Going back even further in time, they looked at 12-million-year-old fossils from a relative of the rhinoceros, as well as from a cold-blooded member of the alligator family tree. “We found we could measure the expected body temperature of the rhino-like mammal, and could see a temperature difference between that and the alligator relative, of about 6 degrees centigrade,” Eagle says.
There are, however, limitations to this sort of temperature sleuthing. For one, the information that the technique provides is only a snapshot of a particular time and place, Eiler says, and not a lifelong record. “When we look at tooth enamel, for instance, what we get is a record of the head temperature of the animal when the tooth grew,” he notes. “If you want to know what his big-toe temperature was two years later, too bad.”
And, of course, the technique relies on the quality of the fossils available for testing. While teeth tend to withstand the rigors of burial and time, eggshells are “fragile and prone to recrystallization during burial,” says Eiler. Finding good specimens can be difficult.
But the rewards are worth the effort. “The main reason to do this sort of work is because gigantic land animals are intrinsically fascinating,” Eiler says. “We want to look at where warm-bloodedness emerged, and where it didn’t emerge. And this technique will help us to reconstruct food webs. In the distant past, dinosaurs and other large animals were the crown of the food web; we’ll be able to figure out how they went about their business.”

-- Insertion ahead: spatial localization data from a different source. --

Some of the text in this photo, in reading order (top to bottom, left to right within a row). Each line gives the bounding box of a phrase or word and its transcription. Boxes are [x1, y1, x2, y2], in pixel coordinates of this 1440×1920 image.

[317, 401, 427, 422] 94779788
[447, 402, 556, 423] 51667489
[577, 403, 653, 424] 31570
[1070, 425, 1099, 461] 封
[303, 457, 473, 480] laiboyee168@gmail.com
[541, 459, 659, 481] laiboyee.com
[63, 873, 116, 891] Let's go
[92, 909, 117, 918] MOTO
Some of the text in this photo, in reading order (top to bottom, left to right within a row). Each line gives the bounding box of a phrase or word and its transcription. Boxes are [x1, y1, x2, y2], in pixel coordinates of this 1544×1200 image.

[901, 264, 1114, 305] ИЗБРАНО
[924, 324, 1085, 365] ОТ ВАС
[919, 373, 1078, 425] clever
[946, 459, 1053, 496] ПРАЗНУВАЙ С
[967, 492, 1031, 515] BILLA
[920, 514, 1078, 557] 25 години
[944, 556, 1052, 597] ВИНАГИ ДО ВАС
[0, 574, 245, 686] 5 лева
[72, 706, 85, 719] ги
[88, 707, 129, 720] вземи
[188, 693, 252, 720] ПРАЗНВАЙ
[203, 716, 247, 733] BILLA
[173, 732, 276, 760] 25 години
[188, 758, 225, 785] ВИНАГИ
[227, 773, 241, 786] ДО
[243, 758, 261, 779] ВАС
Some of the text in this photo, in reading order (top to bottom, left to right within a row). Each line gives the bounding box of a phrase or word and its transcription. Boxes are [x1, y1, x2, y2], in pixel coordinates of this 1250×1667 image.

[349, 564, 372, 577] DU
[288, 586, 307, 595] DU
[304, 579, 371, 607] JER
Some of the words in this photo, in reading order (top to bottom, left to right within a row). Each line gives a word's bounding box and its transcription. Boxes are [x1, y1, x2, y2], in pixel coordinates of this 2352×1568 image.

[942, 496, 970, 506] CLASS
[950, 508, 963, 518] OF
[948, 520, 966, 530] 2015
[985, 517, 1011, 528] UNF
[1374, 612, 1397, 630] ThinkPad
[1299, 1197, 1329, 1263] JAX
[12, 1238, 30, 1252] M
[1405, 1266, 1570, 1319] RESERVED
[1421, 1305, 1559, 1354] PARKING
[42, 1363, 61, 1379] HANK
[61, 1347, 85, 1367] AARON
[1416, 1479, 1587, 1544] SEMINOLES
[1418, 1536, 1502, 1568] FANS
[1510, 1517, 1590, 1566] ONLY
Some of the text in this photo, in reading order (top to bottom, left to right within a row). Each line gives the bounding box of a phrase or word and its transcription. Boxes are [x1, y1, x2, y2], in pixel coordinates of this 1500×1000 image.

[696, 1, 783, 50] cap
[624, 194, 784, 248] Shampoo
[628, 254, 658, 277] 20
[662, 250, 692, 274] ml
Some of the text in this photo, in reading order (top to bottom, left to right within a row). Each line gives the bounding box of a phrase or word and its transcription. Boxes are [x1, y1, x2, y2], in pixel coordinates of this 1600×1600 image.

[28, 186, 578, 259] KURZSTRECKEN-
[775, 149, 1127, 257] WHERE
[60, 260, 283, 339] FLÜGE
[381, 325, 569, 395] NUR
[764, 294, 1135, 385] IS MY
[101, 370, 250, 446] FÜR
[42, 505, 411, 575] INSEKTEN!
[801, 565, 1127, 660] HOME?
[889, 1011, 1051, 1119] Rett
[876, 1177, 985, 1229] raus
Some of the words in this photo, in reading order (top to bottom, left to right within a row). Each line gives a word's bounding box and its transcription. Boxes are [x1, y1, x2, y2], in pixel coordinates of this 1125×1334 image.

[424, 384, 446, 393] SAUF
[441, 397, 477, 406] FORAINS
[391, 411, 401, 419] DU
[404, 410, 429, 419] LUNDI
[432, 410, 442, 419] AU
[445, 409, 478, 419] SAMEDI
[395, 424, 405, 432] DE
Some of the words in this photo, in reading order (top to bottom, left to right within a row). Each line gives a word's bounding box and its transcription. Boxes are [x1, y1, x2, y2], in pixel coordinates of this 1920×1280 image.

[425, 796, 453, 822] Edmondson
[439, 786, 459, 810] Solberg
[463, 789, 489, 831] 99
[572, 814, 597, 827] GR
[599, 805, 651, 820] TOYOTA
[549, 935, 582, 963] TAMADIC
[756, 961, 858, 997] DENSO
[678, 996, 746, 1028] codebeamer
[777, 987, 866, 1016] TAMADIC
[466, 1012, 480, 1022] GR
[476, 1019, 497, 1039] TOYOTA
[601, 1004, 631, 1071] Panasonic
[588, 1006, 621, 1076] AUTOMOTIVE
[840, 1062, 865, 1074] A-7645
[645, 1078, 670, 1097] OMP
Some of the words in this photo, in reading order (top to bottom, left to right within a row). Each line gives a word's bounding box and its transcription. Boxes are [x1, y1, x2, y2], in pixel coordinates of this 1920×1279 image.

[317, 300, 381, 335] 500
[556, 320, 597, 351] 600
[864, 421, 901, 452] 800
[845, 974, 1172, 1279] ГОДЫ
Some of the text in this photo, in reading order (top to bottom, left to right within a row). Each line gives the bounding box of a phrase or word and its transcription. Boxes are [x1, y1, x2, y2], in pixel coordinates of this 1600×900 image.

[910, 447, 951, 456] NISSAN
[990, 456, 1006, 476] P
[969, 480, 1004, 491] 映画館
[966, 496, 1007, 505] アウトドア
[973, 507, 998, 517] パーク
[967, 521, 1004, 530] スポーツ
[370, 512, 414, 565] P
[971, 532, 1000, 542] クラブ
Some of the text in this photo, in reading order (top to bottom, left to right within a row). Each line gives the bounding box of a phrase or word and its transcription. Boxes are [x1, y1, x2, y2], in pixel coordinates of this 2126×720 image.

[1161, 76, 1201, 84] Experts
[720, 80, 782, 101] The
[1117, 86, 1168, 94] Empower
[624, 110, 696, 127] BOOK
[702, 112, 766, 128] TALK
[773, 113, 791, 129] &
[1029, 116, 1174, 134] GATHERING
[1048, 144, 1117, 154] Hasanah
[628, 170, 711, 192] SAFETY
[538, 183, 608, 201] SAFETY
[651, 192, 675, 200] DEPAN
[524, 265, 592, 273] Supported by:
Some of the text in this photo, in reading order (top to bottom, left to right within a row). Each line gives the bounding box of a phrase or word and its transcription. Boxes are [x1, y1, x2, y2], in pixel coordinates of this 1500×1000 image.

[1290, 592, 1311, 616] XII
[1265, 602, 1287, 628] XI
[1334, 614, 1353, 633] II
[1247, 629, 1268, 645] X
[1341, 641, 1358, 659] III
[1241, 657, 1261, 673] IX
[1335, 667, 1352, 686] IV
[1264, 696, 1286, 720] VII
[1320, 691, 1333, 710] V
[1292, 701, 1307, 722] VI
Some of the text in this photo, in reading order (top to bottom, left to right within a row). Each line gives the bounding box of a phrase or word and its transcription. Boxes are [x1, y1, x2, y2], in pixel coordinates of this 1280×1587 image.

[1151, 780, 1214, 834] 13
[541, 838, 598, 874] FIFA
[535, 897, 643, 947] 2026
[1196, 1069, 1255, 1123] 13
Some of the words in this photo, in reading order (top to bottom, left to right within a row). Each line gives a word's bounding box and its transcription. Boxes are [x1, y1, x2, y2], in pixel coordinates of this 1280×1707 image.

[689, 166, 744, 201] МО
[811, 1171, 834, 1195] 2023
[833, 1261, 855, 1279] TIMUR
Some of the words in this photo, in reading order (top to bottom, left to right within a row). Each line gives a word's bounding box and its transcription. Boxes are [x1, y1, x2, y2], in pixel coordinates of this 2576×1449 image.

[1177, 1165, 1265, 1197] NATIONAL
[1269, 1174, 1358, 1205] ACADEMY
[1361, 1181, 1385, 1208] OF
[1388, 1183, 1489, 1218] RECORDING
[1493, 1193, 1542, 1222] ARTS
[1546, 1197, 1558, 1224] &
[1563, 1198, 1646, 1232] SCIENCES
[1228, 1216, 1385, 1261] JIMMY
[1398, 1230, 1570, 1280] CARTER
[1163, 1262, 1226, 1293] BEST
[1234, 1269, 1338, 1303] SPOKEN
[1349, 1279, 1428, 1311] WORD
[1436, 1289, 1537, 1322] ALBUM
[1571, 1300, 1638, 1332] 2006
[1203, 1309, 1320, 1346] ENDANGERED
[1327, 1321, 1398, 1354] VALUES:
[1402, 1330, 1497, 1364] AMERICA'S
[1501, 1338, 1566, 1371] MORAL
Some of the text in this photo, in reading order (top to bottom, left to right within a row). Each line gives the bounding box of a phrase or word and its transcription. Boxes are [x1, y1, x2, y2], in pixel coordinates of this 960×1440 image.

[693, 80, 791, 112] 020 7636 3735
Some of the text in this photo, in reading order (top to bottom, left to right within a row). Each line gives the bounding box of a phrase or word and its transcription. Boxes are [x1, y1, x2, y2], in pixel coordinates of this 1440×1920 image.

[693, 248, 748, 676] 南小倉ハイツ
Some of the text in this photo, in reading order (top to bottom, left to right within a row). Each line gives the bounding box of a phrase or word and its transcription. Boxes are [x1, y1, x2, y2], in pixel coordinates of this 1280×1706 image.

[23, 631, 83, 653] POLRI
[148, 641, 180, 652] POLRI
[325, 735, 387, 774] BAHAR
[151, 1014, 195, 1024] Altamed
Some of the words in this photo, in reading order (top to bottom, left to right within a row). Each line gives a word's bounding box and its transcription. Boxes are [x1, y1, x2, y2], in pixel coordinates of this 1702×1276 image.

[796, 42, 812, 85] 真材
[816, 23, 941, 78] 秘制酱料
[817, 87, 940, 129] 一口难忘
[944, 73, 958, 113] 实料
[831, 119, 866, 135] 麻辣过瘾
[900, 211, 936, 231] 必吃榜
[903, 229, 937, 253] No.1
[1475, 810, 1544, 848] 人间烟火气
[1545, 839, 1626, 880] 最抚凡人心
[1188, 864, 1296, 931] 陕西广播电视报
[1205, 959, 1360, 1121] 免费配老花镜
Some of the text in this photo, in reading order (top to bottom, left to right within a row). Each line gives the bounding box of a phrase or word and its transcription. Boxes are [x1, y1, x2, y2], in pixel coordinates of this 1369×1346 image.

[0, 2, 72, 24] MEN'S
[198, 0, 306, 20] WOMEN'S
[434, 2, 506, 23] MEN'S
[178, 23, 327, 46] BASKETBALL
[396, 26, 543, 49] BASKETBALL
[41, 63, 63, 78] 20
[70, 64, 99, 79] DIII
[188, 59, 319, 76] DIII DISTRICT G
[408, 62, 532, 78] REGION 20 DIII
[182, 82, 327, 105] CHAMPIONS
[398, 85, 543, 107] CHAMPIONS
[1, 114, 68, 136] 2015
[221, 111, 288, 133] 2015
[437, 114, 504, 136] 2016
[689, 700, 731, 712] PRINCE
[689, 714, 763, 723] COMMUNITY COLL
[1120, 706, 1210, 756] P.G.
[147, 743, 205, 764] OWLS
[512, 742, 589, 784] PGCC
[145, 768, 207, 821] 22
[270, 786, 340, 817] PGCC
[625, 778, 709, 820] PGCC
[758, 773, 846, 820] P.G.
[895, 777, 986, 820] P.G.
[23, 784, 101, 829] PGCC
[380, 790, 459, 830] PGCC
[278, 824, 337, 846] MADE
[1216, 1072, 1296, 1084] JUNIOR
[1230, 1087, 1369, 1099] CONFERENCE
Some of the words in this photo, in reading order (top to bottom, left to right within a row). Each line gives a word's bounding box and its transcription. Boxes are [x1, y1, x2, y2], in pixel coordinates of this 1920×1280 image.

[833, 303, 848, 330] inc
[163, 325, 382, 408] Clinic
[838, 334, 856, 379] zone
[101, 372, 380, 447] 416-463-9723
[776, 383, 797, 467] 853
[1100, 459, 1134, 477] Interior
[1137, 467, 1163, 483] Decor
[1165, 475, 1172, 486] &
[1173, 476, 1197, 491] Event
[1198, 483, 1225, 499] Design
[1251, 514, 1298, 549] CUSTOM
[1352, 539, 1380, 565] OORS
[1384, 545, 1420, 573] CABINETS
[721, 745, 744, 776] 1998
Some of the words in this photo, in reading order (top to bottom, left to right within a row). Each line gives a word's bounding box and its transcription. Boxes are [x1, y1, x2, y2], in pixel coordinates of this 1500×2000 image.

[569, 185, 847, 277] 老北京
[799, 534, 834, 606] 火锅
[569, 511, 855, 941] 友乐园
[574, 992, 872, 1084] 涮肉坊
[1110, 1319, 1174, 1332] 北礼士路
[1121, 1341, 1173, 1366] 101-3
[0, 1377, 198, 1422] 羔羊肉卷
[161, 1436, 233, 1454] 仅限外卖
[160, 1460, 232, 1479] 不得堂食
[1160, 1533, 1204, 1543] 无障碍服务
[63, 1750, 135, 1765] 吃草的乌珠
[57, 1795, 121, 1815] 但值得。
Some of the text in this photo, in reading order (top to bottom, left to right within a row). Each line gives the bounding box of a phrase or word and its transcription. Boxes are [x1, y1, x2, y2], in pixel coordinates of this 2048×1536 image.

Now that they’ve pinned down an accurate paleothermometer, the research team has gone further back in time, and has begun looking at the body temperatures of vertebrates about whom less is known. “Before mammals and birds,” says Eagle, “we have no good idea what physiology these ancient creatures had.”
First up? Dinosaurs, of course. “We’re looking at eggshells and teeth to see whether the most conspicuous dinosaur species were warm- or cold-blooded,” says Eiler.
In addition, he says, the researchers would like to apply their approach to better understand some key evolutionary transitions.
“Take birds, for instance,” Eiler says. “Were they warm-blooded before or after they started to fly? Before or after they developed feathers? We want to take small birds and track their body temperature through time to see what we can learn.”
Finally, they hope to get a peek at the paleoclimate, through the body-temperature data derived from ancient cold-blooded animals. “With this method, we can track changes in body temperature as a proxy for changes in air or water temperature.”
More information: “Body temperatures of modern and extinct vertebrates from 13C-18O bond abundances in bioapatite,” PNAS.